The sales prices were 2.2 per cent lower, reflecting the decrease of raw material indices and investments in increased competitiveness. Forex fluctuations were positive, adding 0.2 per cent, bringing total growth at 3.7 per cent, Ontex said in a press release.
The adjusted EBITDA was €223 million (~$245.3 million), up 28 per cent, bolstered by the sustained delivery of the cost transformation programme which added €70 million, thereby driving competitiveness and profitability.
Volume and mix growth contributed €21 million, although lower prices had a negative impact of €39 million, lower raw material prices added €39 million, whereas continued inflation drove other operating and selling, general and administrative expenses (SG&A) cost up by €28 million and €10 million respectively, and forex fluctuations adversely affected results by €3 million.
The adjusted EBITDA margin rose to 12.0 per cent, up 2.3 percentage points YoY, while operating profit stood at €76 million, including one-off restructuring expenses of €73 million, primarily related to the restructuring of the Belgian operations.
Adjusted profit from continuing operations doubled to €76 million, and when including the one-off restructuring charges, profit from continuing operations was €21 million. A loss from discontinued operations of €11 million—reflecting lower adjusted EBITDA due to scope reduction and divestment-related one-off costs – resulted in an overall profit for the period for the total group of €10 million.

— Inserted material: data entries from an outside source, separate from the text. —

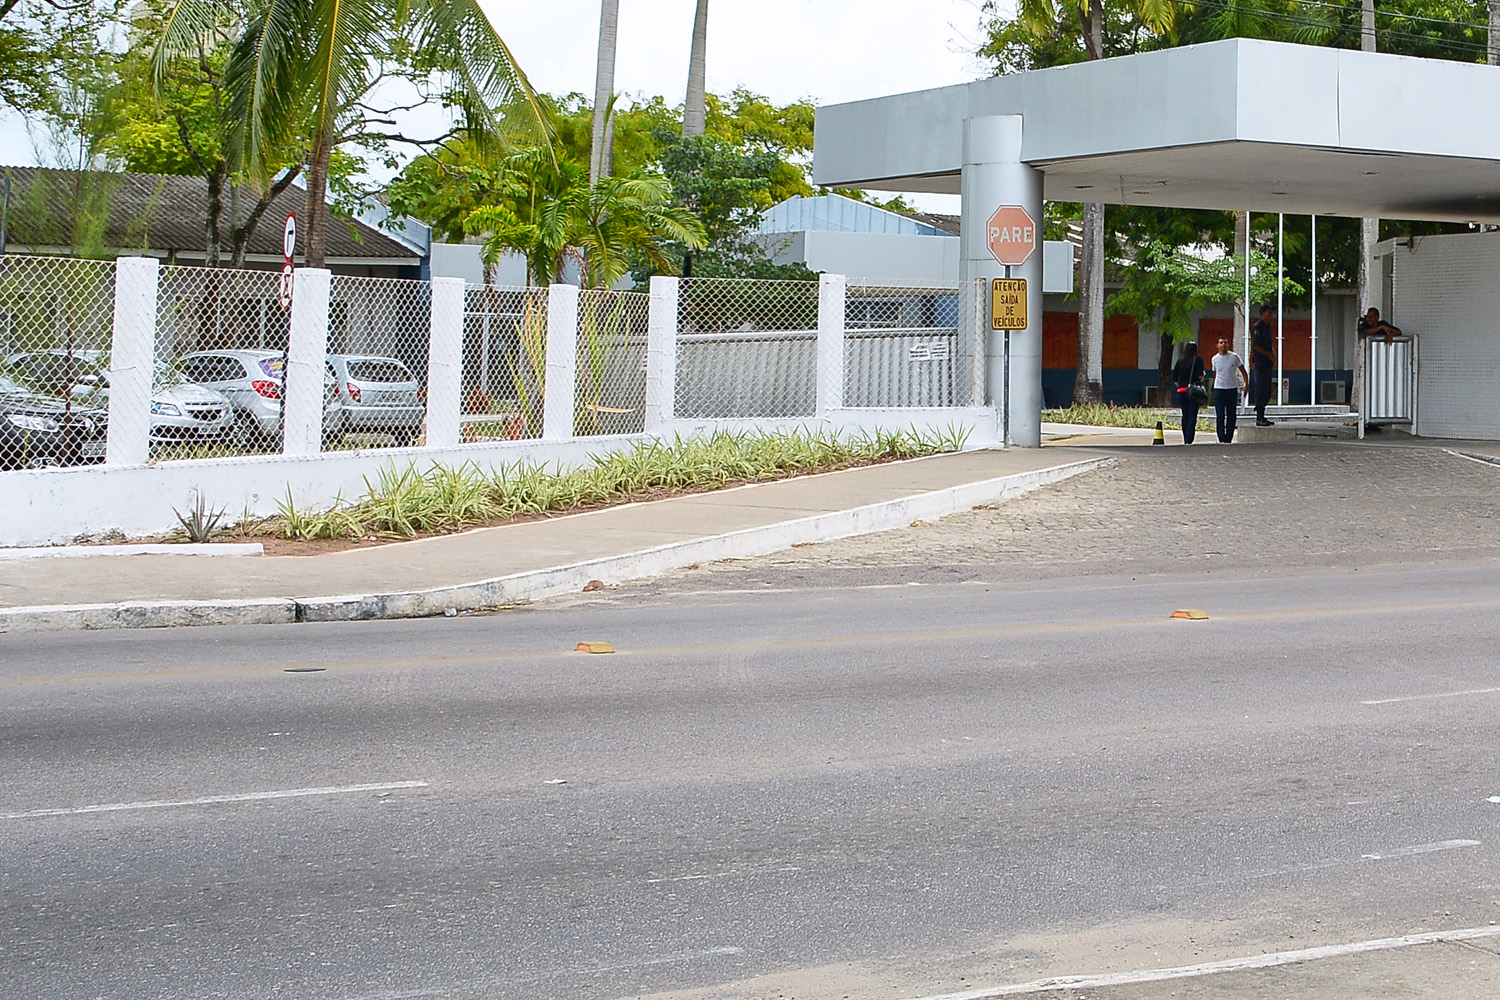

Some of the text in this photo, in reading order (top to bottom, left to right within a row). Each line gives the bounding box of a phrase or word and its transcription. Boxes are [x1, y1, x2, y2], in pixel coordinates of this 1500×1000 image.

[990, 226, 1033, 243] PARE
[993, 281, 1026, 293] ATENÇÃO
[1000, 292, 1019, 305] SAÍDA
[1005, 306, 1015, 316] DE
[993, 315, 1025, 328] VEÍCULOS

“We achieved key strategic milestones last year, thanks to the dedication of Ontex’s teams. With all planned strategic divestments finalised or agreed, we will be fully focused on retailer and healthcare brands by end 2025. We also achieved a major step to make our European footprint leaner, with the transformation of our Belgian operations to be finalised early 2026,” said Gustavo Calvo Paz, chief-executive officer (CEO) at Ontex.
“These measures are necessary to continue driving our competitiveness and profitability, as we did in the last two years. We achieved strong volume growth in 2024, in North America, and in selected categories in Europe. Our biggest category has now become adult care, positioning us well to serve the needs of a growing and more active elderly population. Our margins expanded back to our historic levels, and while we continue to invest in our transformation, our free cash flow delivery has strengthened further. I have confidence that we will drive our free cash flow up over time, as we execute our growth and efficiency plans, and as the step-up investment phase of our transformation journey will fade down after 2025,” added Paz.
Fourth quarter (Q4) financial
In Q4 FY24, revenue reached €476 million, reflecting a 6.6 per cent YoY. Volumes were up by 9.0 per cent including mix effects, with growth observed in all categories, driven primarily by an acceleration in North America and sustained performance in selected European categories.
As anticipated, sales prices remained largely stable sequentially, though they were 2.4 per cent lower YoY due to previous declines in raw material indices and investments in enhanced competitiveness.
Outlook
For 2025, Ontex expects revenue to grow by 3 per cent to 5 per cent YoY, supported by double-digit volume growth in North America. Adjusted EBITDA is forecast to increase by 4 per cent to 7 per cent, driven by revenue growth and further improvements in operational efficiencies. Additionally, free cash flow is expected to remain strong, while Ontex continues the step-up of investments in its transformation programme, with this step-up nearing completion by the end of 2025.